-- Task requirements --
Take the data below and extract the lines from the one with "this 1200×2133 image." to the one with "this 1068×1878 image.", inclusive, exactly as written.
*** Opening Excerpted data ***
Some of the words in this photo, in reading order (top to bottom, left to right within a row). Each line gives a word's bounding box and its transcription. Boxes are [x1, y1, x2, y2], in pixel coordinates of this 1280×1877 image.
*** Closing Excerpted data ***
*** Opening Excerpted data ***
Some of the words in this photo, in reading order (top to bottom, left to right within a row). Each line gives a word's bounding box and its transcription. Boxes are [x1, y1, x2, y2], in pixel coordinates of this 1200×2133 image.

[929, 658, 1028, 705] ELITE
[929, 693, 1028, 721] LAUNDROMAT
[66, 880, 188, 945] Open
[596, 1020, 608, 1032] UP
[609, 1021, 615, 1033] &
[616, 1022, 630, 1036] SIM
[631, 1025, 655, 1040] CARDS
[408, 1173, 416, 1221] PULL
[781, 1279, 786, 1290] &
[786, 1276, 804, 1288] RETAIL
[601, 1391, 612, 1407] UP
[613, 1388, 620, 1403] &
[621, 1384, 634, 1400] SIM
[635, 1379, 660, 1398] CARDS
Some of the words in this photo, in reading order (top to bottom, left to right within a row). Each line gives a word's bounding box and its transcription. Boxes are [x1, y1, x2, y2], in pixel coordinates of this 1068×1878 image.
*** Closing Excerpted data ***
-- Output of the task --
Some of the words in this photo, in reading order (top to bottom, left to right within a row). Each line gives a word's bounding box and its transcription. Boxes are [x1, y1, x2, y2], in pixel coordinates of this 1200×2133 image.

[929, 658, 1028, 705] ELITE
[929, 693, 1028, 721] LAUNDROMAT
[66, 880, 188, 945] Open
[596, 1020, 608, 1032] UP
[609, 1021, 615, 1033] &
[616, 1022, 630, 1036] SIM
[631, 1025, 655, 1040] CARDS
[408, 1173, 416, 1221] PULL
[781, 1279, 786, 1290] &
[786, 1276, 804, 1288] RETAIL
[601, 1391, 612, 1407] UP
[613, 1388, 620, 1403] &
[621, 1384, 634, 1400] SIM
[635, 1379, 660, 1398] CARDS
Some of the words in this photo, in reading order (top to bottom, left to right within a row). Each line gives a word's bounding box and its transcription. Boxes are [x1, y1, x2, y2], in pixel coordinates of this 1068×1878 image.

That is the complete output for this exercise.